Injury Report: Kate decided to change the "she holds the gun to touch his chest as he stands" part into "she holds the gun to ram his head as he stands" it was a bad idea.

Description: First show of a ten day tour, a Tuesday in Knoxville, where we've never been before. We played the Birdhouse, which is an old house converted into a sort of community center that does a little bit of everything. Mostly artist studio/gallery space, but also home of a small zine library and a food not bombs. We performed with Circle Modern Dance, one of the art groups that work out of the Birdhouse.

I really enjoy performing with modern dance groups. I don't mean to sound like a hippy, but they really warm spaces up with some nice tense energy. Something about dance tightens the audience's focus and also makes me more aware of my body in our performance. I find myself thinking of writhing in the chair as a sort of dance.

Anyway, the dance group was great, the venue was great, discussion after the show was solid, and, while the turnout was a bit low, they were definitely supportive. Our performance felt a little slow and low energy, but the audience definitely stayed with us throughout.

Afterward we went to a house party/pot luck with music acts, including a front lawn folk serenade of affectionate songs about inebriation by a couple who were appropriately inebriated and hardly made it through the set, to great comic effect.

Did you see this show? If you did, write a review, comment on it, or ask us some questions. We'd love to hear it because we believe in artistic transparency.

Saturday, January 30, 2010

Show 55: Louisville, Brycchouse


Turnout: 9 Support: $97 ($50 donation, $26 hat, $21 merch)
Personal Injury Report: Some doors don't have functioning pneumatic slow-closing mechanisms. Kate slams these doors on her thumb.

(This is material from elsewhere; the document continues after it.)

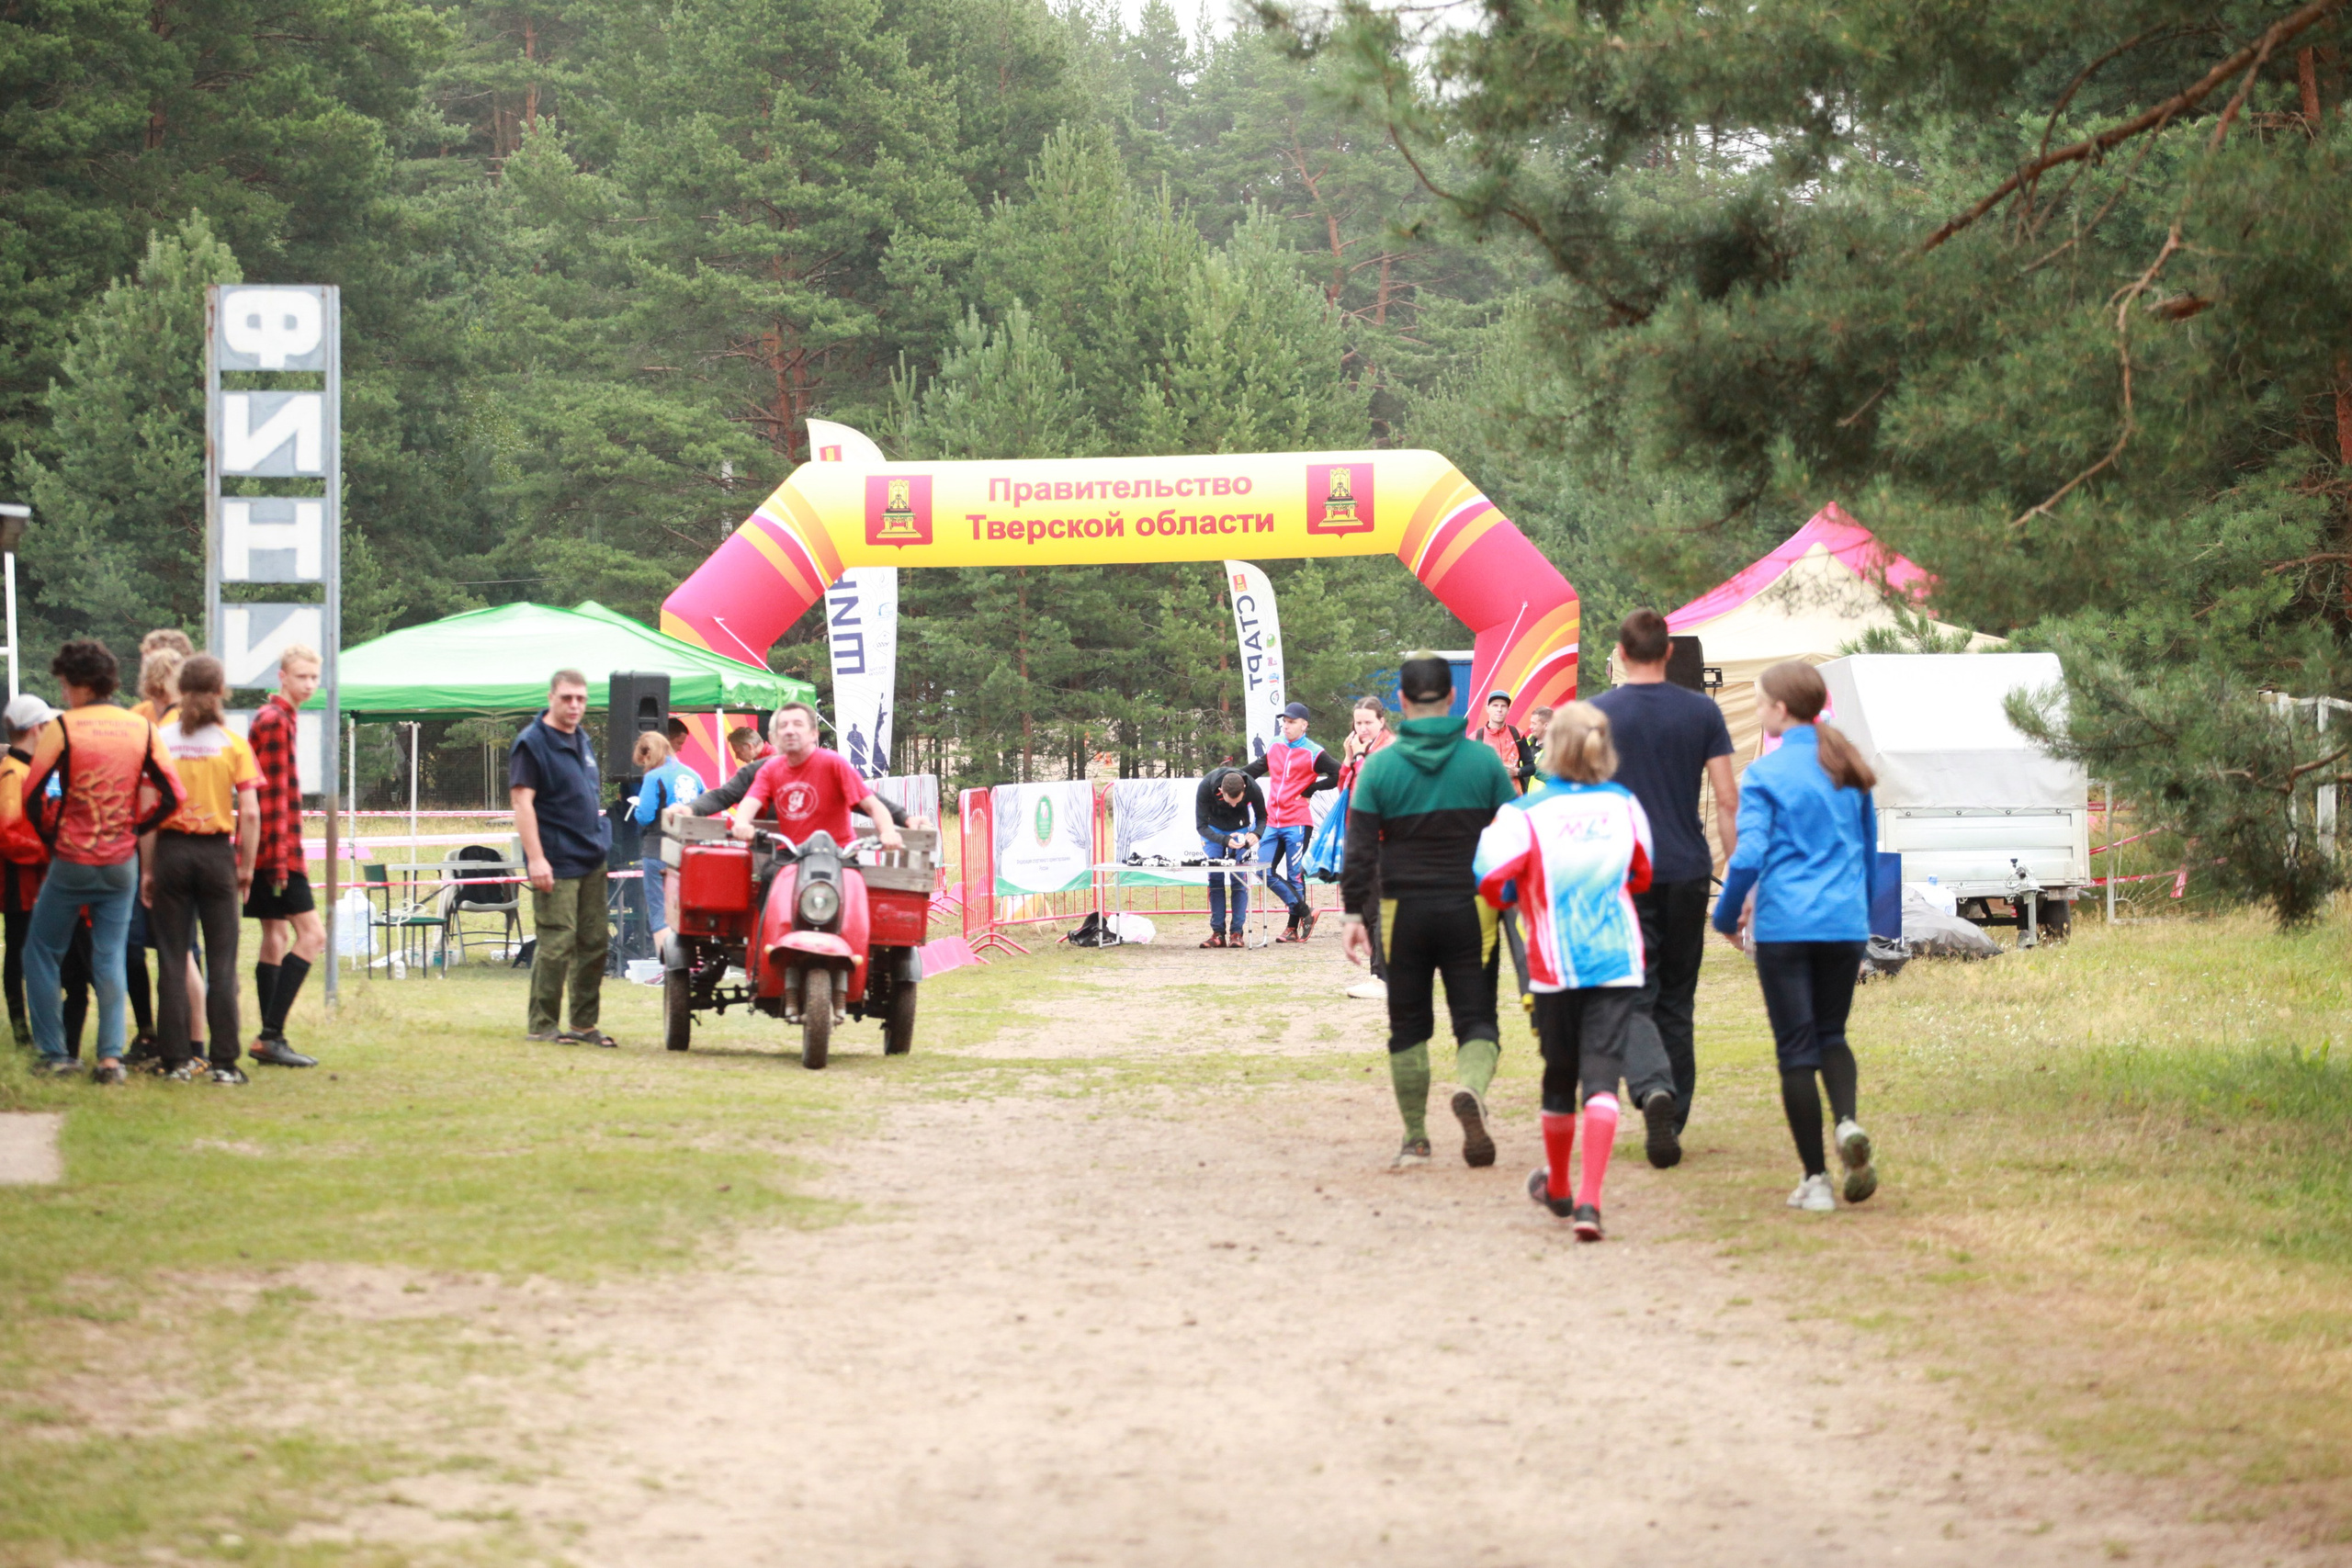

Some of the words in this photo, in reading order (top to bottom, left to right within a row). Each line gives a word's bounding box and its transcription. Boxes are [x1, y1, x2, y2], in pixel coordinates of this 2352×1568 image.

[989, 476, 1253, 508] Правительство
[966, 511, 1125, 545] Тверской
[1136, 509, 1275, 536] области
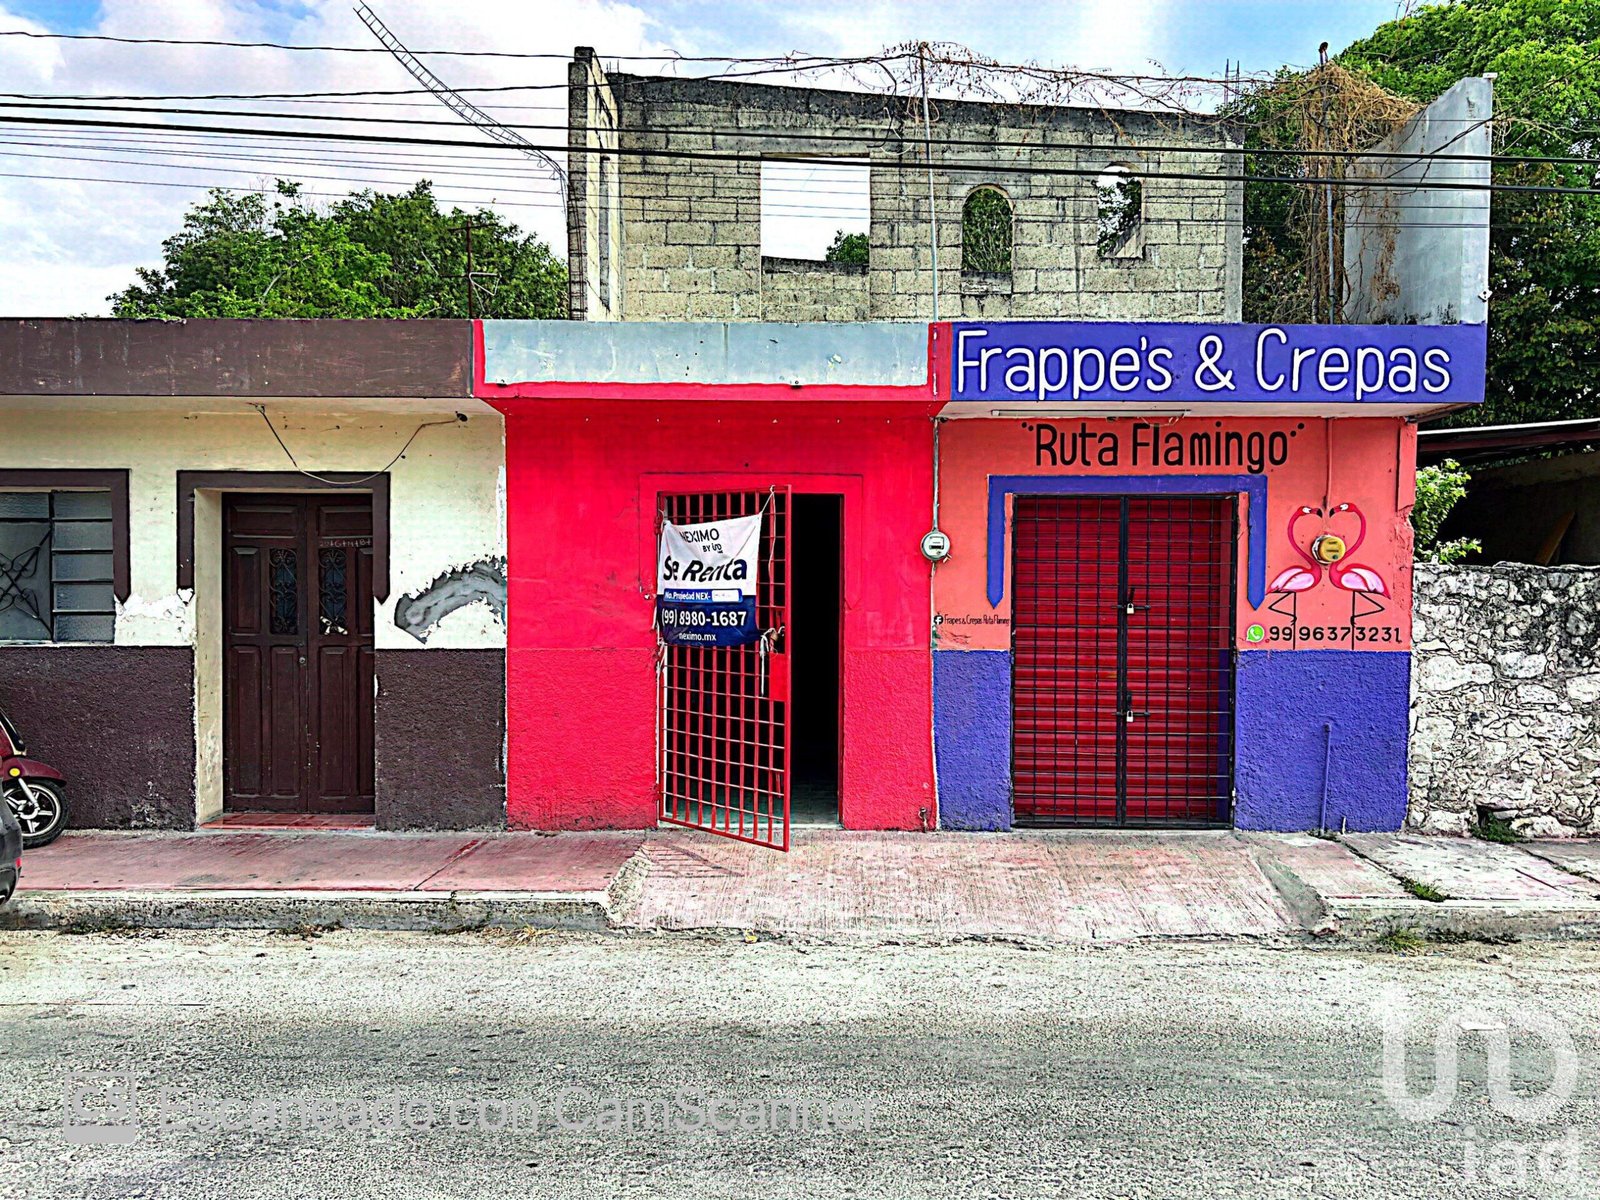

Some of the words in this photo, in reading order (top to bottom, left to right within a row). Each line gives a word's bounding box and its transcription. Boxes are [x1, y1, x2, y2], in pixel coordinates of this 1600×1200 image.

Description: A good show in the Brycc House, a DIY community center in Louisville. Between trouble with circuit breakers and a small late-coming audience, things were looking rocky at first, but ended up working out marvelously. Once we got started with the show a few more people arrived, and afterwards we segued nicely into discussion. There was a video camera set up, so we might have some clips to share soon.

We get to add another house to our tour of cooperatives, we spent our two nights in Louisville at at a large unnamed (unless i missed the name) townhouse in Old Louisville. We met a bunch of wonderful folks, including trainees and specialists in the whole gamut of DIY and radical healthcare (from street medics to deep woods EMTs to abortion escorts and health-access activists). Also an excitable but lovable dog named Lucifer Jane.

On Thursday we visited a Nazi Eugenics exhibit at the U of L Health and Sciences Library and also watched a documentary about the "evacuation" of Japanese Americans from the west coast after Pearl Harbor. Contrasting the American vs Nazi approach to concentration camps was an insightful and depressing yet pleasant way to spend our accidental Thursday off. Then Friday morning before departing for Urbana, we caught a cheap matinée of the Romanian crime comedy "Police, Adjective" which, unlike American comedies, was actually funny.

Did you see this show? If you did, write a review, comment on it or ask us some questions. We'd love to hear it because we believe in artistic transparency.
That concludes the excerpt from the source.